Sunday 15 September 2024

2024 Weeknote 37

In 2017, I went to Durham for a teacher summer school, that turned out to be a lovely few days of learning how to help students apply to Durham, mingled with tours, lectures and a fancy dinner. In my pack there was a flyer for a Masters that I was actually quite interested in taking. I've never bothered before. My teaching qual pre-dates the option to convert to a Masters and I have quite the chip on my shoulder about it anyway - it is already a post-grad qual, so saying it needs 'upgrading' to a Masters is like saying a BTEC cannot be equivalent to an A-level, just pure intellectual snobbery. Then I couldn't find a Masters that I wanted to do and that I thought would help me in my career. But this one did.

I talked it over with Mr Z and we agreed that I could potentially spend a year in Durham doing the course, but naturally that became another thing (like going part-time) that was never actually going to happen. 

Then, last autumn, I was chatting to friends who asked what I might do if I actually did what I keep threatening to do and stop working for a year. I was having some coaching through school as a new leader at the time and she told me to write a list. I went back to look at the Durham Masters, but it was no more. Sigh. Oh, but here's the same option at Oxford. 

Fast forward to Friday -


Made it. It was like having an out-of-body experience. I couldn't quite believe I was there. Naturally, I have already talked myself into believing that the only real entry requirement for Oxford as a post-grad is the ability to pay and therefore my achievement isn't really an achievement but, hey. It really did feel like an achievement once I got there. The course is full of interesting and accomplished people. I received my student card and got to look round my college, where the woman giving us the welcome speech casually dropped in that the King is one of the fellows there. I sat and listened to the head of the department telling me about her holiday and then fretting that I might not make it back to Bristol in time to see Six and all I could think was, this woman is on the government's panel looking into assessment, why is she worrying about me getting stuck in traffic. 

We were also given a list of all the libraries we can now access with the student card so I pretty much instantly booked myself into the college accommodation for three nights in half term, so I can do a library tour. I've worked out where I can rent a bike. It's just too exciting. I want to start now - but actually there is a large amount of work to do first. Now we see whether it is actually possible to study part-time for a Masters whilst doing a senior teaching role. 

The mark reviews roll on. They swallowed my whole weekend. Far fewer than last year, goodness knows how I managed it then though, because it is proving tricky. Plus there are shenaningans going on at the board that, naturally, they dropped on his with no warning and so I'm not wanting to do much for them at the moment, truth be told. So there's been no reading time and no knitting and very little TV - I watched an episode of The Perfect Couple on Netflix yesterday but it wasn't very compelling. We watched an episode of Clarkson's Farm today which was better. I still don't like that man (it's hard to forgive 'striking teachers should be shot in front of their families') but it is a good show. Plus I think his local council are taking those personal feelings to work with them, which is a bit grim. 

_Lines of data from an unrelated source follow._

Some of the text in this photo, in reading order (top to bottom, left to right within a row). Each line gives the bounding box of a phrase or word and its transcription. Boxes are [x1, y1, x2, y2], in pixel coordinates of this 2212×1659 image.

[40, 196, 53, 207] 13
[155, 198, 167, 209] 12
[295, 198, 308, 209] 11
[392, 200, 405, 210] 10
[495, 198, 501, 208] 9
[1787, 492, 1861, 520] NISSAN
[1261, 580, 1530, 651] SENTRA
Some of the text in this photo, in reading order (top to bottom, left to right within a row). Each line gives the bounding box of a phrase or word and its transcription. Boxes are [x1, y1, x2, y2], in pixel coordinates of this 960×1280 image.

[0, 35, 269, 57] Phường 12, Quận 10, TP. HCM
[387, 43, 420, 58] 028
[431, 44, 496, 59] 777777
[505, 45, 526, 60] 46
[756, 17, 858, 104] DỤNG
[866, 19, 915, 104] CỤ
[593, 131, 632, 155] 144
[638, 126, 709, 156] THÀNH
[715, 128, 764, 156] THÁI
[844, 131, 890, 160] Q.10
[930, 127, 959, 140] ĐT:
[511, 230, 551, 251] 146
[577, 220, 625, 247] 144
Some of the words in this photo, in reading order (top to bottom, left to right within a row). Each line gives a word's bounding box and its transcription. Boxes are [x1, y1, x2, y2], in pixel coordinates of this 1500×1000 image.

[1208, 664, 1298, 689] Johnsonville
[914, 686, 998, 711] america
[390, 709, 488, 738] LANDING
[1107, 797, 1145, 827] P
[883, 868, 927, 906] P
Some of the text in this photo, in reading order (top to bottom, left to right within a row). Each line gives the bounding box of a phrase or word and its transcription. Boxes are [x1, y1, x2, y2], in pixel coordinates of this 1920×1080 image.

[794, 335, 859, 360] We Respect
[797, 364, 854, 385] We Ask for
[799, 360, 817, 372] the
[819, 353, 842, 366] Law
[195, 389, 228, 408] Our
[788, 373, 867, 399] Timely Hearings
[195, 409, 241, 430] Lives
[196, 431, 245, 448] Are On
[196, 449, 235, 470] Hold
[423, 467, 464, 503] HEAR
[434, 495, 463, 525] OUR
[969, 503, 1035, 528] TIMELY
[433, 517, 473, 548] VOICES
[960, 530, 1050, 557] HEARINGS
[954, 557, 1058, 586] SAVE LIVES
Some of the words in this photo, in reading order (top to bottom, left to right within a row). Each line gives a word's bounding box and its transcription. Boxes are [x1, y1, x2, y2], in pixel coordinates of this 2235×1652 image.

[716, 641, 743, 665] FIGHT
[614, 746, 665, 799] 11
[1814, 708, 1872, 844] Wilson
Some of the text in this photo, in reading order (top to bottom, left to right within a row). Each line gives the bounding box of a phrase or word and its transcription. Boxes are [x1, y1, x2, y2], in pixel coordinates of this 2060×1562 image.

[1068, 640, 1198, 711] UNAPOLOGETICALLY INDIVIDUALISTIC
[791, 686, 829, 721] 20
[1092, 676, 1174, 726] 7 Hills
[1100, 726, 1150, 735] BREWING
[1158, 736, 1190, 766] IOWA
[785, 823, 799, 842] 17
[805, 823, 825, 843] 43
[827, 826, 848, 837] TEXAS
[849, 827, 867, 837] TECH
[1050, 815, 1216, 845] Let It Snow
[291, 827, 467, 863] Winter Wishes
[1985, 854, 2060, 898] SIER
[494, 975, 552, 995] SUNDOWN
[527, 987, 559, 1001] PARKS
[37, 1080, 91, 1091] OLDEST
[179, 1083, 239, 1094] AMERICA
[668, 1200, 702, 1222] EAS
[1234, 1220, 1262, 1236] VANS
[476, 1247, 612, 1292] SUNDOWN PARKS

I did finish Ultra-Processed People on audiobook during my drive to Oxford, it was really very interesting, if a bit depressing. I don't eat masses of UPF anyway but it did feel like the message of the book was, it's all awful and there's nothing we can do. Once again I feel we've sewn the seeds of our own species' destruction. He wasn't preachy though and there was a significant social injustice slant on the book, which I always enjoy, being the choir, as it were.

I have been on a health kick since term started and have managed to go to the gym or do some sort of exercise every day in September so far, except for Friday, because I couldn't squeeze it in around Oxford and going to see Six in the evening. Yep, I even went at the end of the first day of term. I don't know who I think I am. I've also been tracking my calories and it is utterly depressing how much of an impact these changes are having already. My resting heart rate is the lowest it has been since I got a Fitbit in 2016. I'm sleeping soundly and waking up feeling rested. My Fitbit has moved my cardio score (I don't really know what this means) from 'Poor' where it has always been to 'Poor to fair'. I've had no post-lunch urgent visits to the toilet, though hormones would normally have dictated at least two of these in the past week. I've not walked out of school for an emergency olive stick once. I can already fit into the new skirt I bought that I could not do up at the end of the holidays. The scale is happy with me. I hope that tomorrow I will find that I am the lightest I've been since I got covid in 2021.

The realisation that I have been the agent of my own discomfort for so long is sobering. Hopefully I will be able to hang onto the feeling when I am bored with the novelty of gorging myself on fruit or not feeling like creating yet another dense bean salad from my imagination because I'm too cheap to subscribe to that tiktok woman's substack. 

The week was rounded off at the theatre with Jenny and friends, seeing Six. What a fantastic cast this was! It was as entertaining as ever. Definitely my favourite musical. Cleves is still my favourite queen.